(※画像はイメージです/PIXTA)

2023年10月から導入される消費税のインボイス制度について、政府・与党が、従来の免税事業者が課税事業者になる場合に、納税額を売上税額の20%とするなどの案を検討していることが判明しました。小規模事業者・フリーランスが被る不利益に配慮した「激変緩和措置」との位置づけですが、どのような意味をもつのでしょうか。問題点とともに解説します。

インボイス制度とは

まず、消費税のインボイス制度とはどういうものか、おさらいします。

 

消費税は、事業者が、販売する商品・サービスの価格の10%ないし8%を納税する義務を負うものです。よく誤解されていますが、消費者は納税義務を一切負いません。

 

その代わりに、事業者は、商品・サービスを販売する際、販売価格に消費税相当額を上乗せする形で回収するのです。
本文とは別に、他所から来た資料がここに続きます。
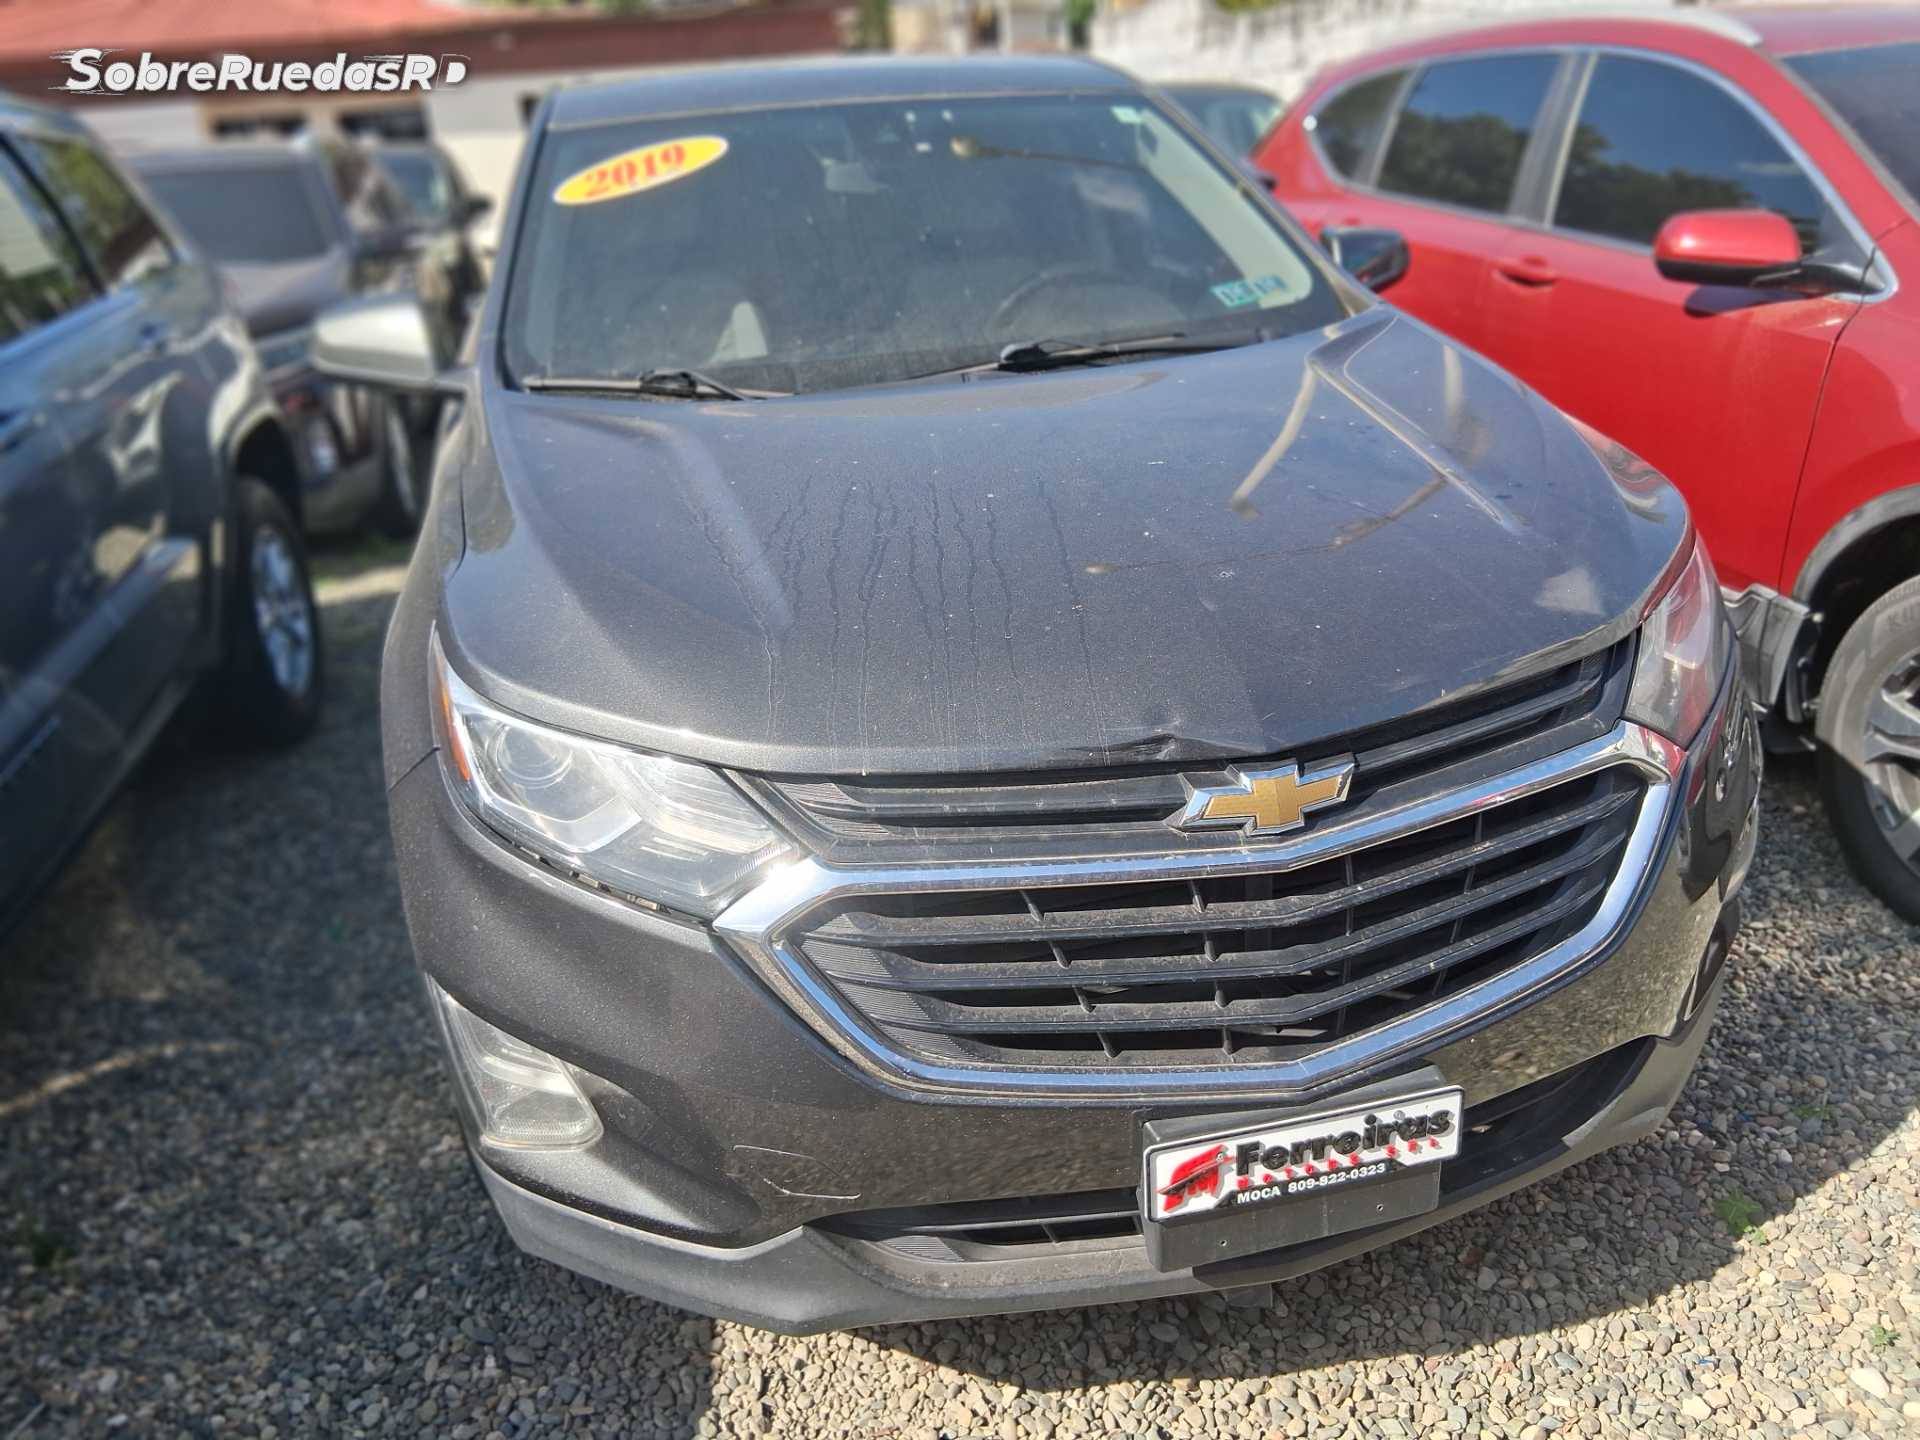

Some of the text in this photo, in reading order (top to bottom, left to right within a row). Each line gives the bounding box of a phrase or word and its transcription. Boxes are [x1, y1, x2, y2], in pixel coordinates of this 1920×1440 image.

[584, 144, 687, 198] 2019
[1237, 1163, 1386, 1204] MOCA 809-822-0323
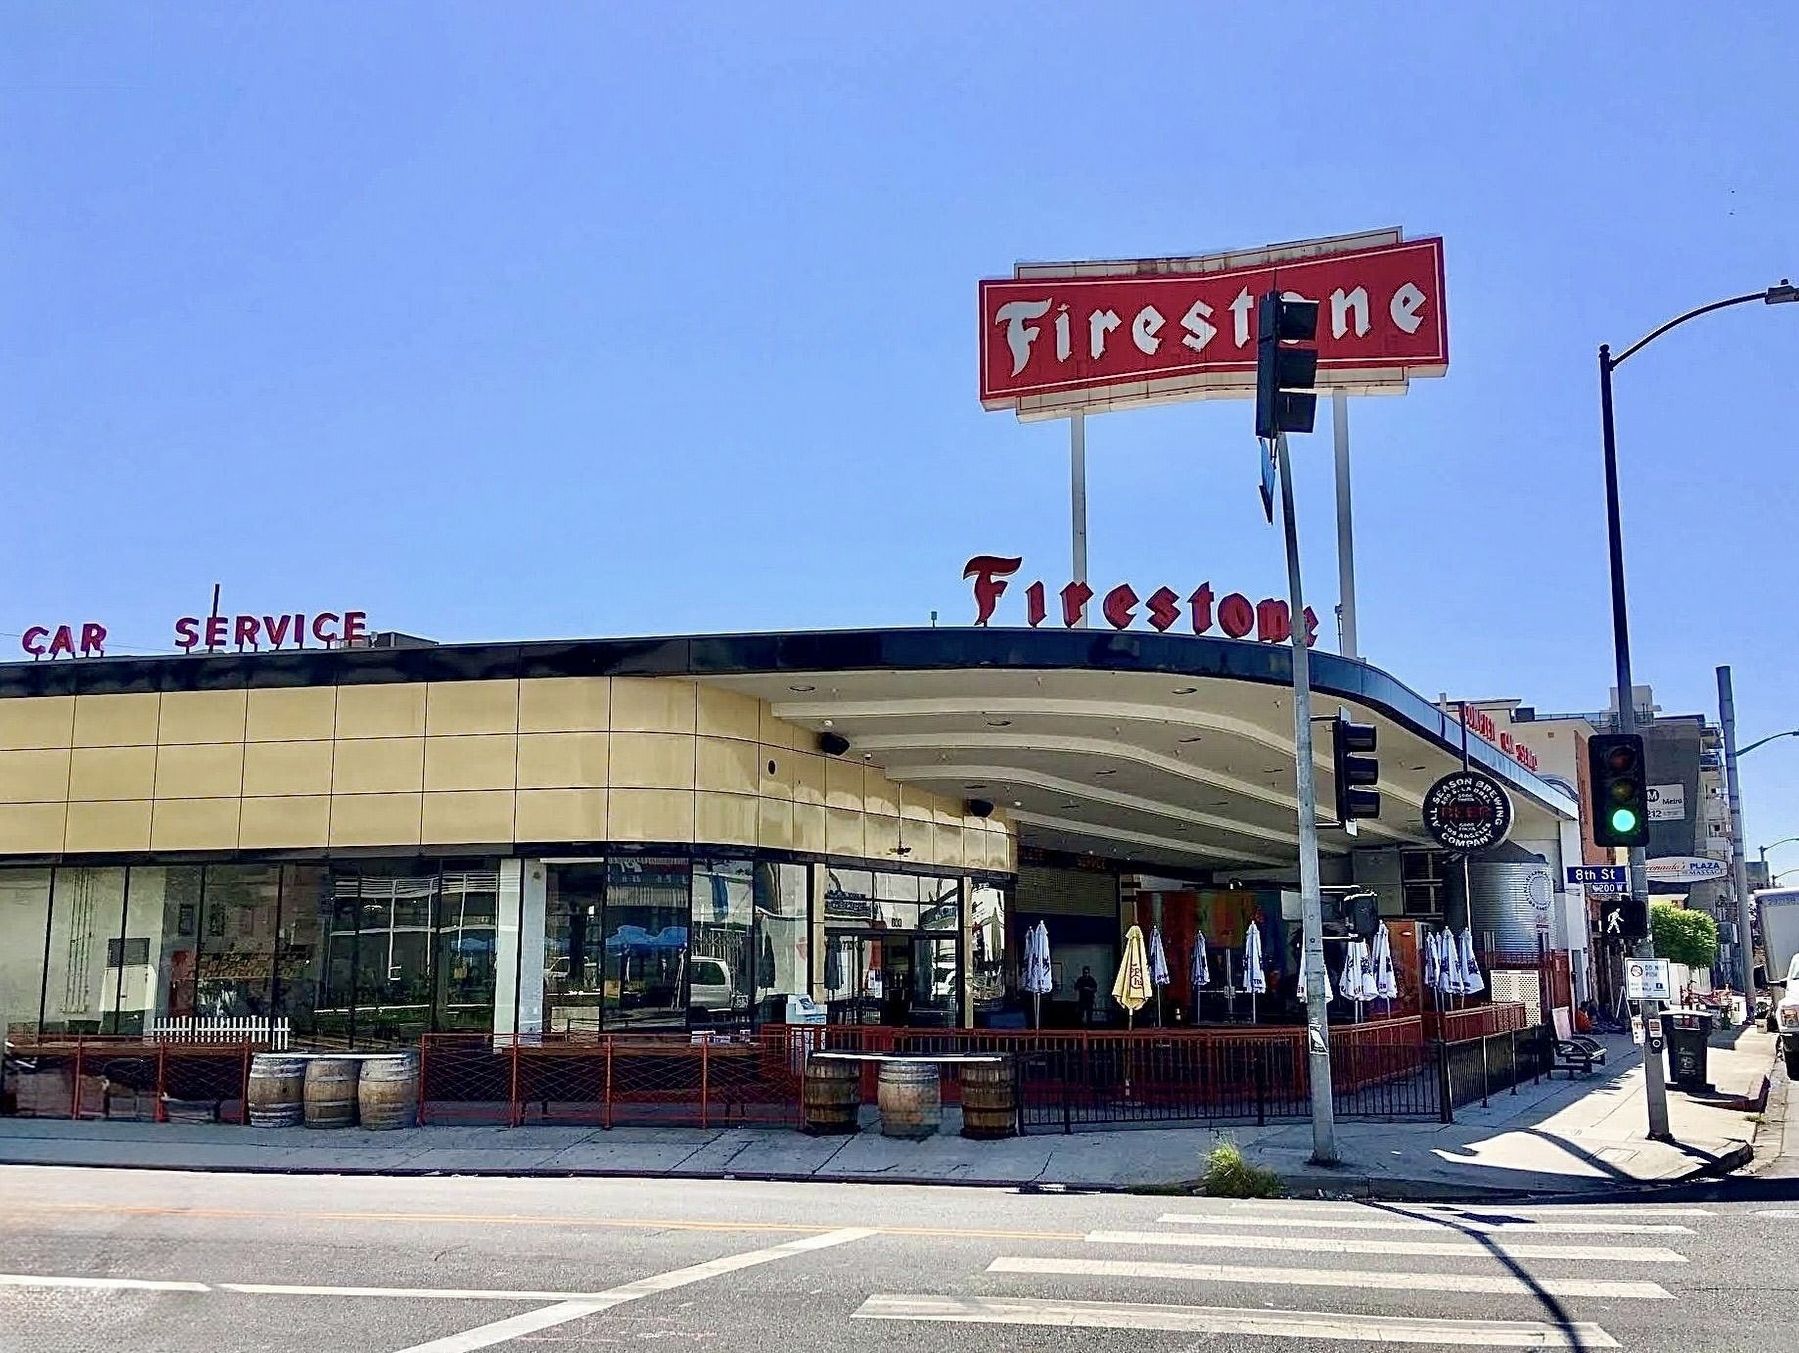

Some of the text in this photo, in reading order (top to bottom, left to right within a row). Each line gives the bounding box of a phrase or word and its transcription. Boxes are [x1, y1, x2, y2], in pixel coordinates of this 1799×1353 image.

すなわち、消費者が最終的な税負担者、事業者が納税義務者であり、税負担者と納税義務者が分離しています。このしくみを「間接税」といいます。

 

事業者が納める消費税の額は、原則として、「商品・サービスを販売した際に受け取った消費税相当額」から、「仕入れのときに支払った消費税相当額」を差し引いた額です。この計算を「仕入税額控除」といいます。なお、この納税額の計算方法の例外として、後述する「簡易課税制度」があります。

 

原則通りに消費税の計算をする際、仕入れのときに支払った消費税の額を証明する資料として、領収書、あるいは請求書が必要です。

 

そして、インボイス制度は「適格請求書等保存方式」といい、消費税の額を証明するための「適格請求書」という決まった様式の請求書(インボイス)を要求するものです。インボイスがなければ、自身が支払った消費税額の仕入税額控除が認められないのです。

インボイス制度の問題点

◆不利益を被るのは「免税事業者」

インボイスを発行できるのは、「課税事業者」のみです。年間売上1,000万円の「免税事業者」は発行できません(あえて課税事業者になれば発行できます)。

 

免税事業者と取引する相手方はインボイスを受け取れないため、消費税の計算を行う際に仕入税額控除を行うことができず、支障をきたすことになります。

 

そこで、免税事業者と取引をする相手方は、以下のいずれかを選択することになる可能性が高いのです。

 

・免税事業者との取引をやめて課税事業者と取引する

・免税事業者に対して消費税相当額の値引きを要求する

 

そうなれば、免税事業者は、仕事を失うか、あるいは、収入が減少することになります。回避するには、課税事業者になってインボイスを発行できるようになるしかありません。

 

免税事業者の多くを占めるのは零細の個人事業主・フリーランスなので、それらの人々がインボイス制度の導入により不利益を被ることになるのです。